-- Your objective --
Each entry must come back word for word; drop the images as you go.

↓

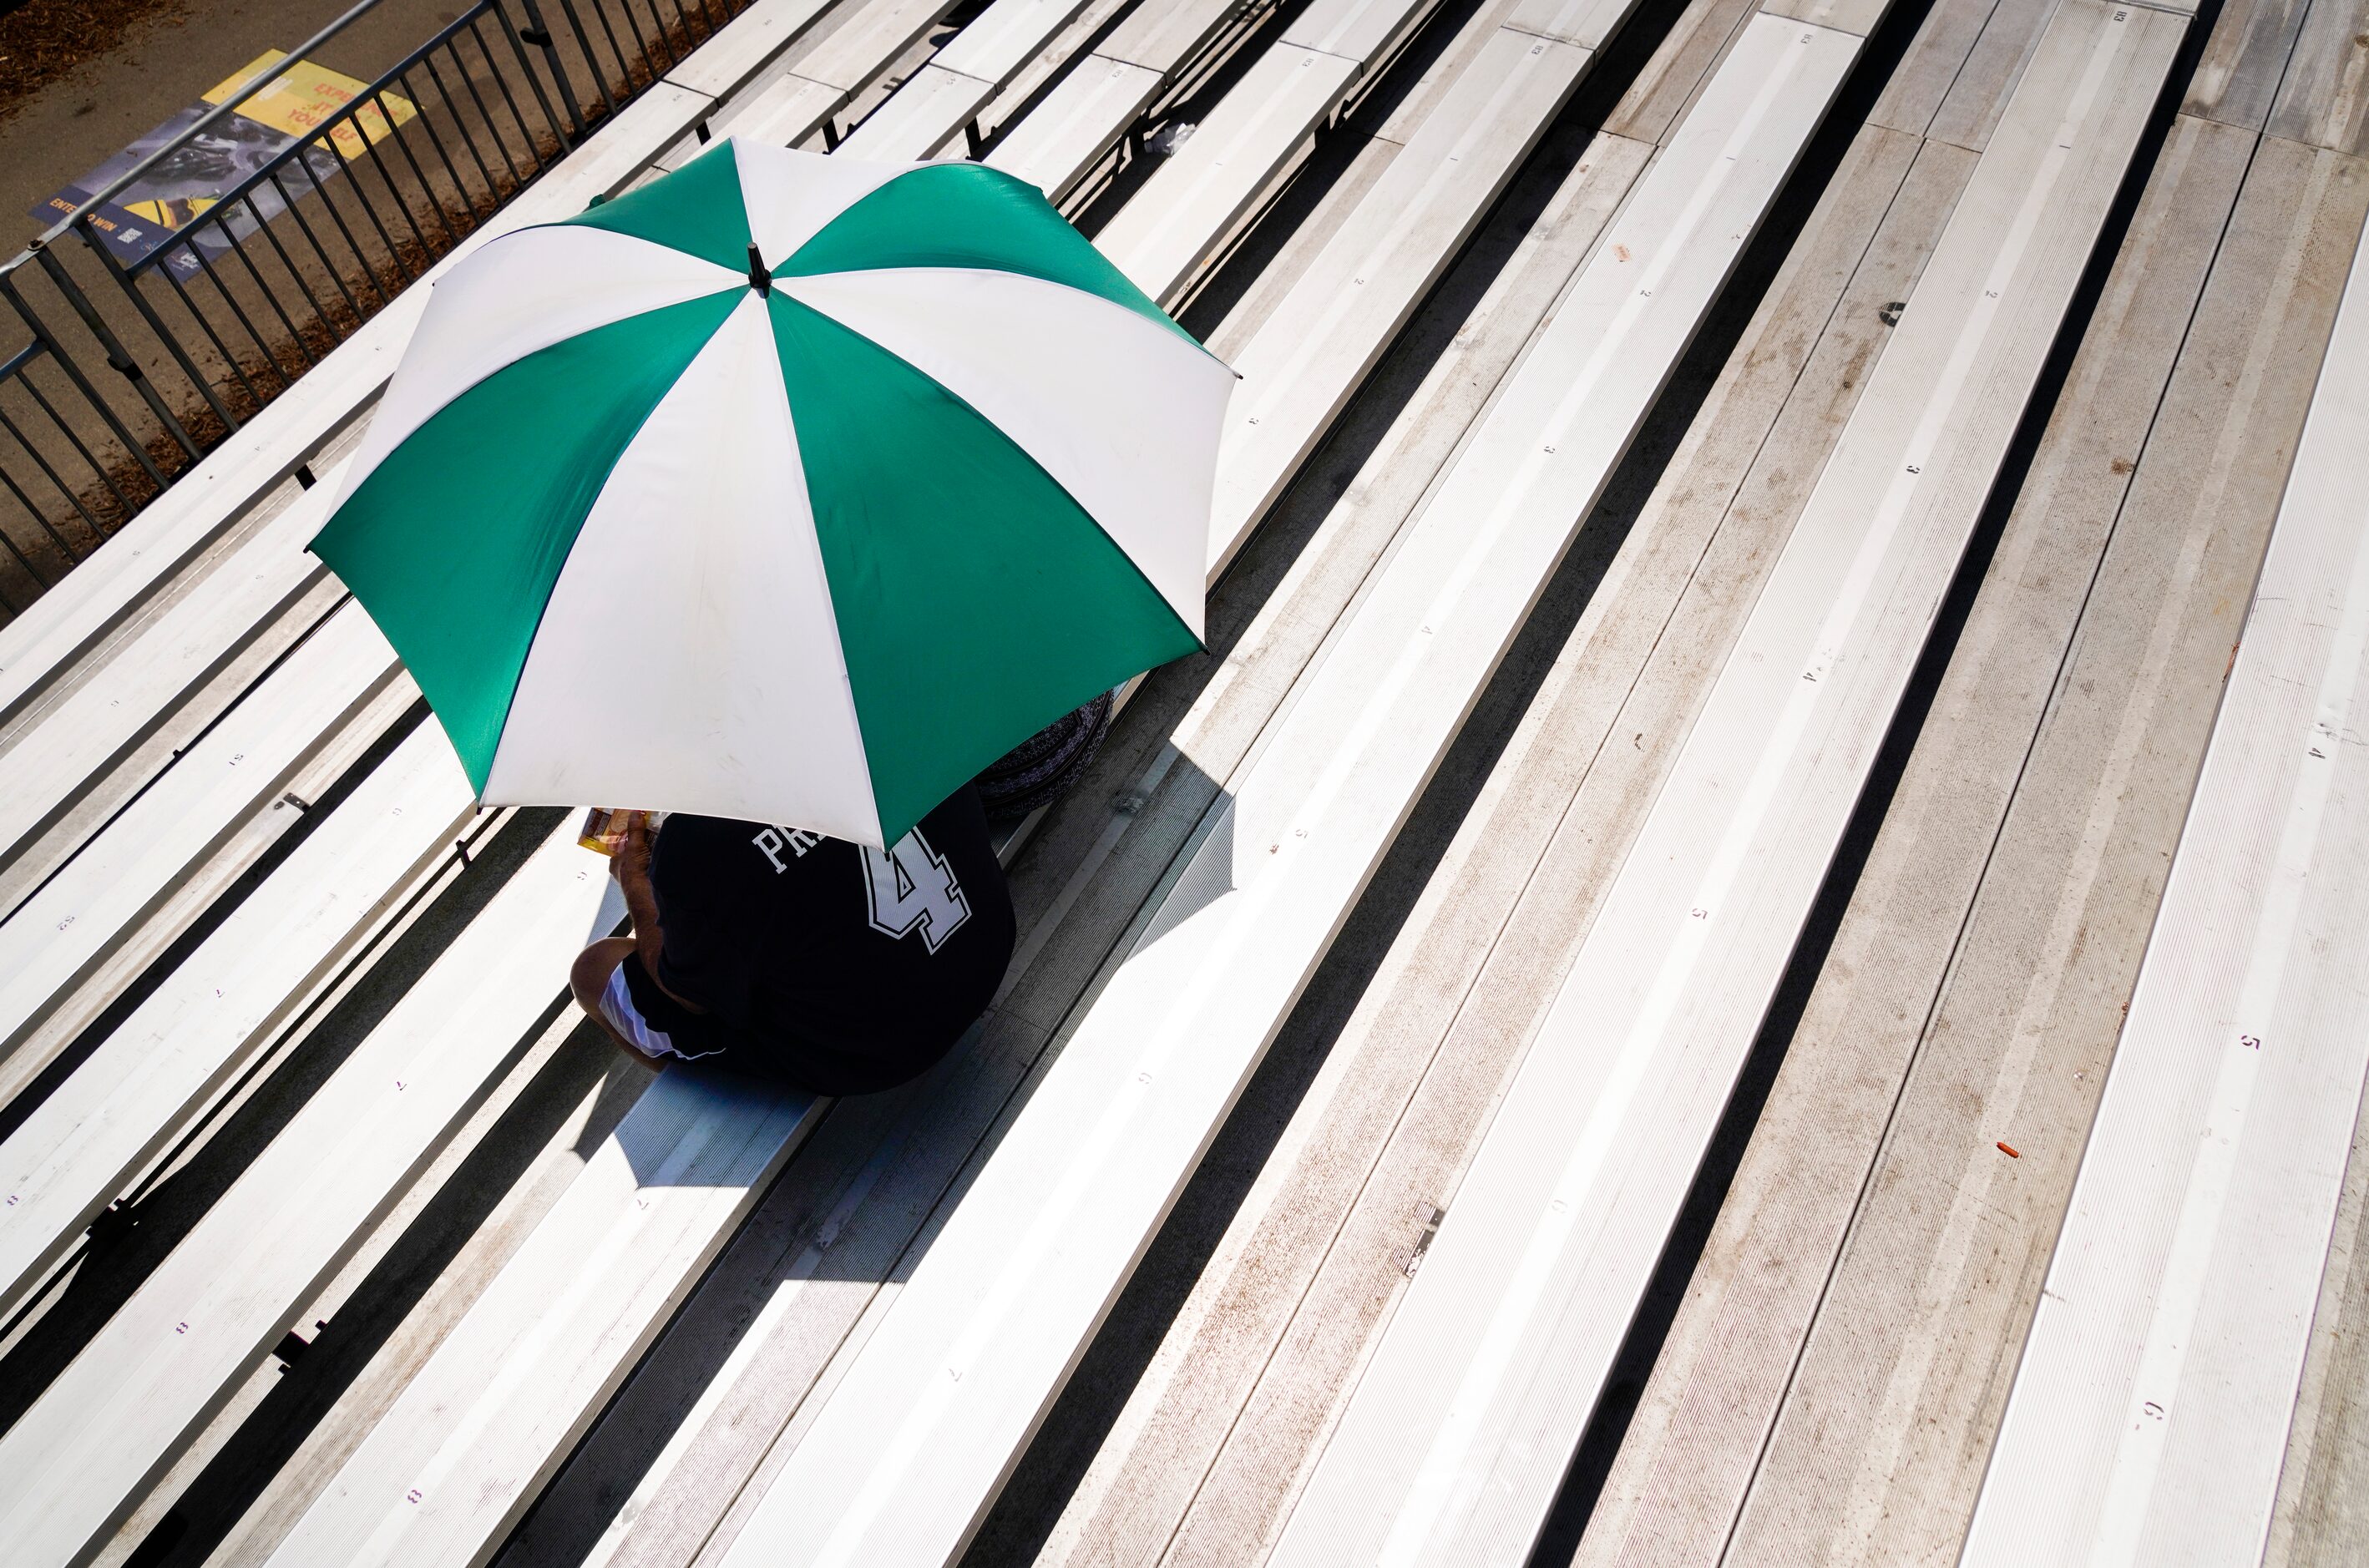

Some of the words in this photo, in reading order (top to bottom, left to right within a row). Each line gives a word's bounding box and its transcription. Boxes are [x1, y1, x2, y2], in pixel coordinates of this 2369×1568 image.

[50, 197, 78, 214] ENTE
[93, 217, 118, 232] WIN
[858, 825, 973, 956] 4
[2240, 1034, 2260, 1050] 5
[175, 1322, 190, 1335] 8
[407, 1489, 423, 1505] 8
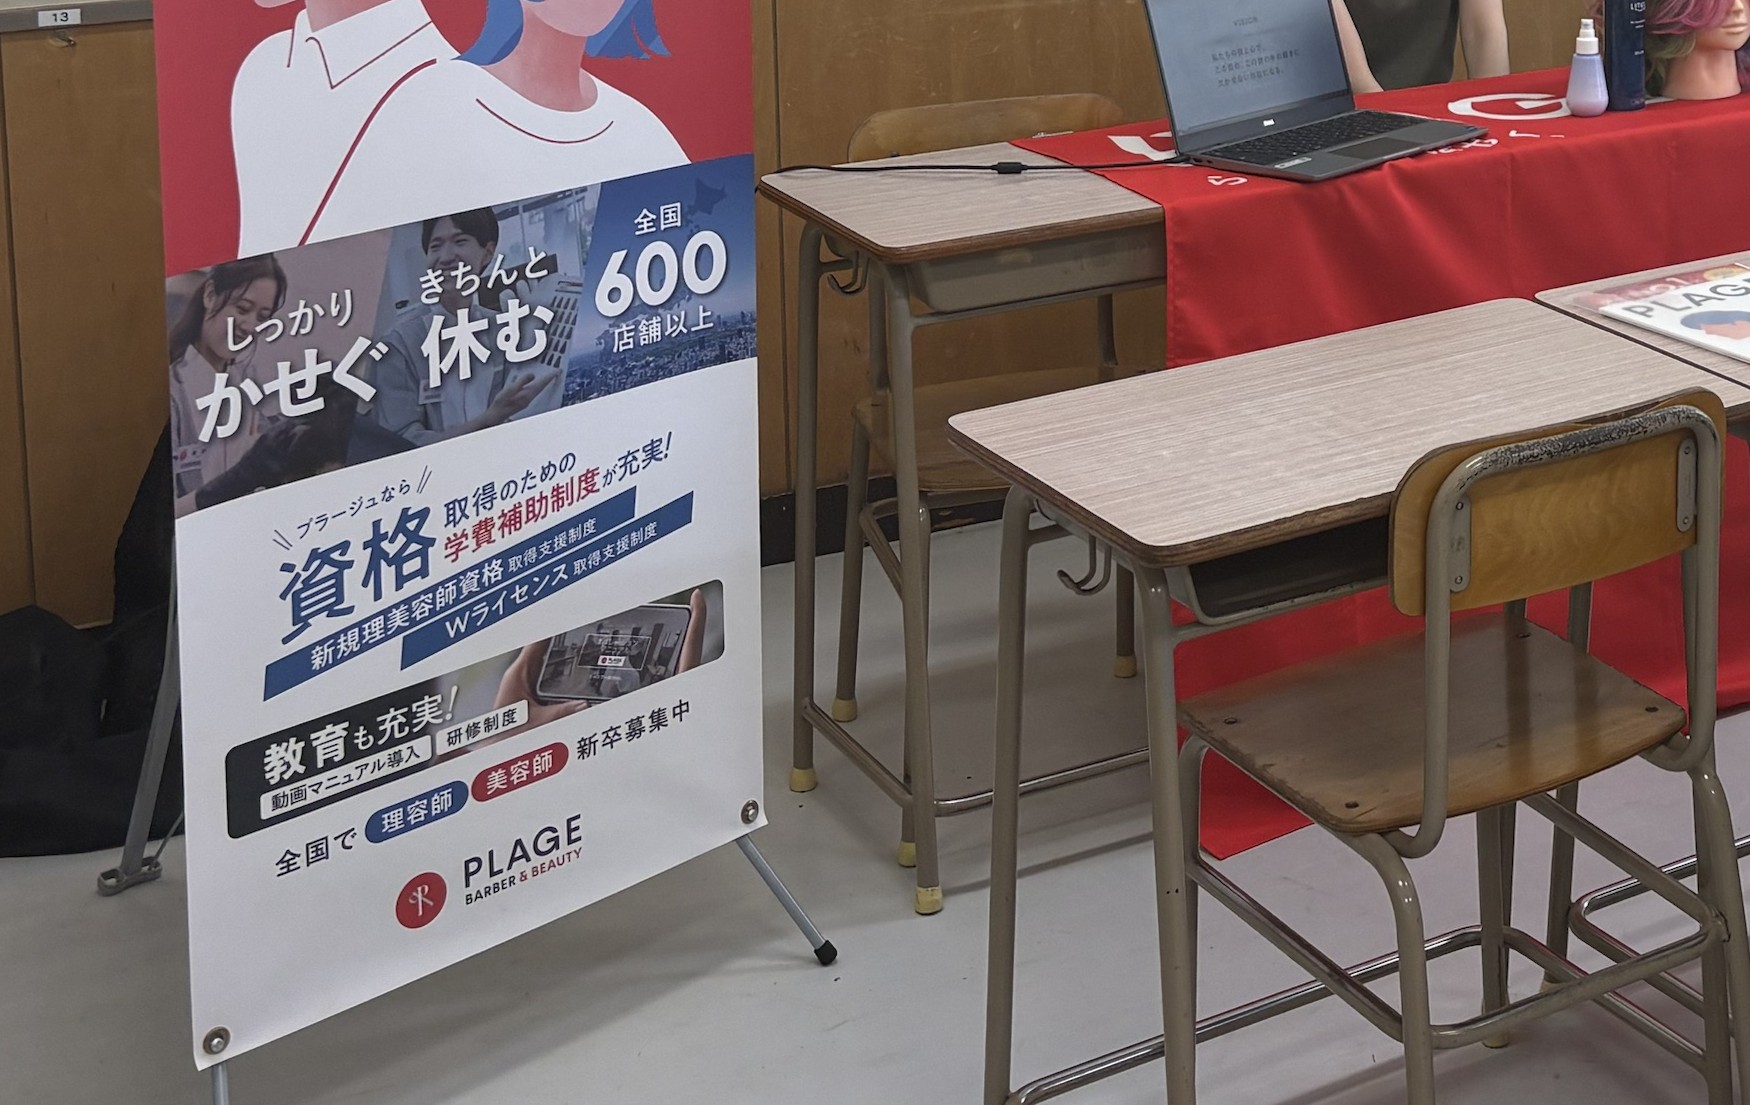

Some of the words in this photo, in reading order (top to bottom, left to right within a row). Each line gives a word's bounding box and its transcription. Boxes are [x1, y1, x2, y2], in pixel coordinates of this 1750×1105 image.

[52, 11, 69, 23] 13
[634, 202, 682, 237] 全国
[419, 247, 549, 307] きちんと
[594, 229, 727, 319] 600
[227, 288, 353, 353] しっかり
[421, 298, 556, 389] 休む
[612, 304, 715, 355] 店舗以上
[195, 336, 390, 444] かせぐ
[297, 478, 411, 540] プラージュなら
[443, 452, 577, 530] 取得のための
[443, 431, 673, 563] 学費補助制度が充実!
[278, 506, 437, 646] 資格
[309, 557, 504, 671] 新規理美容師資格
[507, 517, 598, 574] 取得支援制度
[445, 563, 569, 639] Wライセンス
[572, 520, 658, 577] 取得支援制度
[262, 686, 459, 786] 教育も充実!
[271, 744, 421, 813] 動画マニュアル導入
[446, 706, 519, 748] 研修制度
[275, 827, 357, 878] 全国で
[382, 787, 454, 835] 理容師
[486, 749, 553, 796] 美容師
[576, 698, 692, 762] 新卒募集中
[462, 813, 583, 889] PLAGE
[465, 876, 517, 906] BARBER
[530, 846, 583, 880] BEAUTY
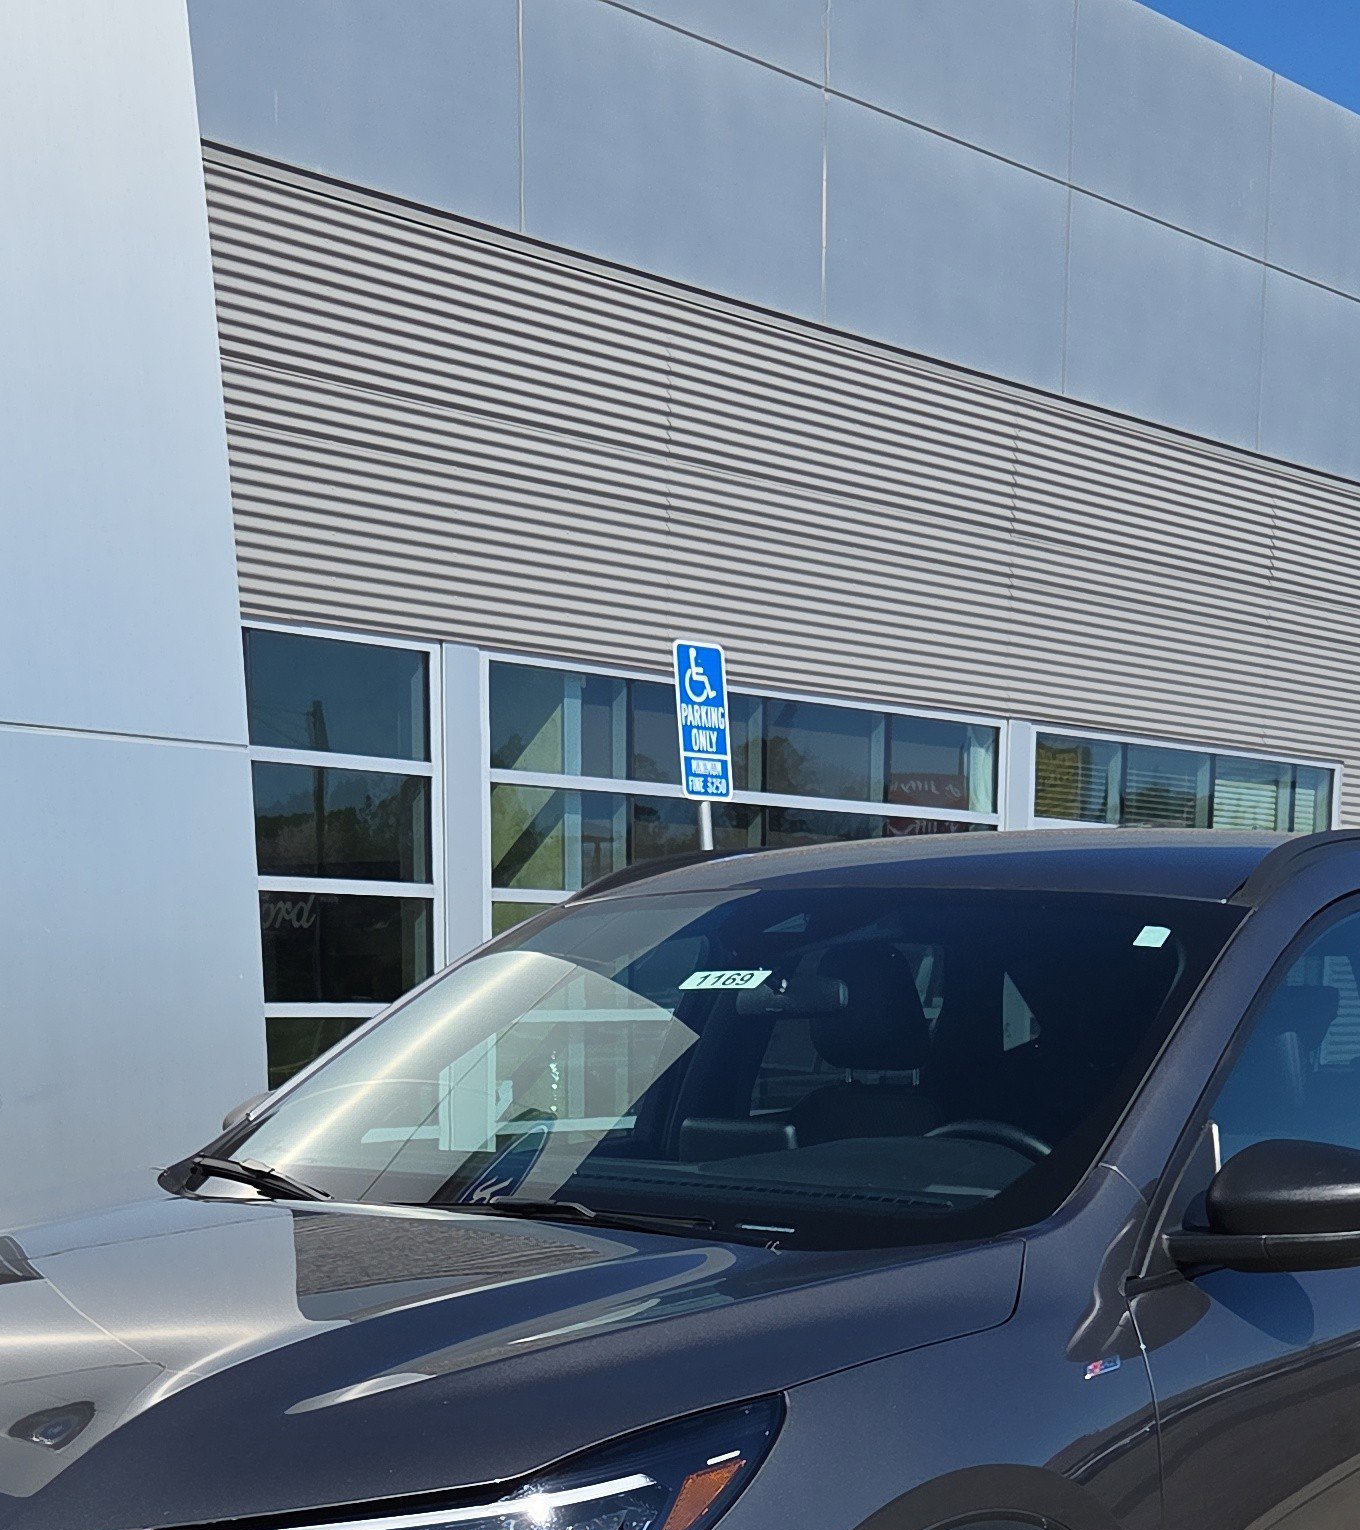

↑

-- Answer to the exercise --
Some of the words in this photo, in reading order (top to bottom, left to right within a row). Each line gives a word's bounding box and its transcription. Boxes are [x1, y1, x2, y2], in pixel coordinates of this 2369×1568 image.

[50, 197, 78, 214] ENTE
[93, 217, 118, 232] WIN
[858, 825, 973, 956] 4
[2240, 1034, 2260, 1050] 5
[175, 1322, 190, 1335] 8
[407, 1489, 423, 1505] 8

Some of the words in this photo, in reading order (top to bottom, left to right within a row). Each line gives a word's bounding box and its transcription. Boxes are [x1, y1, x2, y2], in pixel coordinates of this 1750×1105 image.

[52, 11, 69, 23] 13
[634, 202, 682, 237] 全国
[419, 247, 549, 307] きちんと
[594, 229, 727, 319] 600
[227, 288, 353, 353] しっかり
[421, 298, 556, 389] 休む
[612, 304, 715, 355] 店舗以上
[195, 336, 390, 444] かせぐ
[297, 478, 411, 540] プラージュなら
[443, 452, 577, 530] 取得のための
[443, 431, 673, 563] 学費補助制度が充実!
[278, 506, 437, 646] 資格
[309, 557, 504, 671] 新規理美容師資格
[507, 517, 598, 574] 取得支援制度
[445, 563, 569, 639] Wライセンス
[572, 520, 658, 577] 取得支援制度
[262, 686, 459, 786] 教育も充実!
[271, 744, 421, 813] 動画マニュアル導入
[446, 706, 519, 748] 研修制度
[275, 827, 357, 878] 全国で
[382, 787, 454, 835] 理容師
[486, 749, 553, 796] 美容師
[576, 698, 692, 762] 新卒募集中
[462, 813, 583, 889] PLAGE
[465, 876, 517, 906] BARBER
[530, 846, 583, 880] BEAUTY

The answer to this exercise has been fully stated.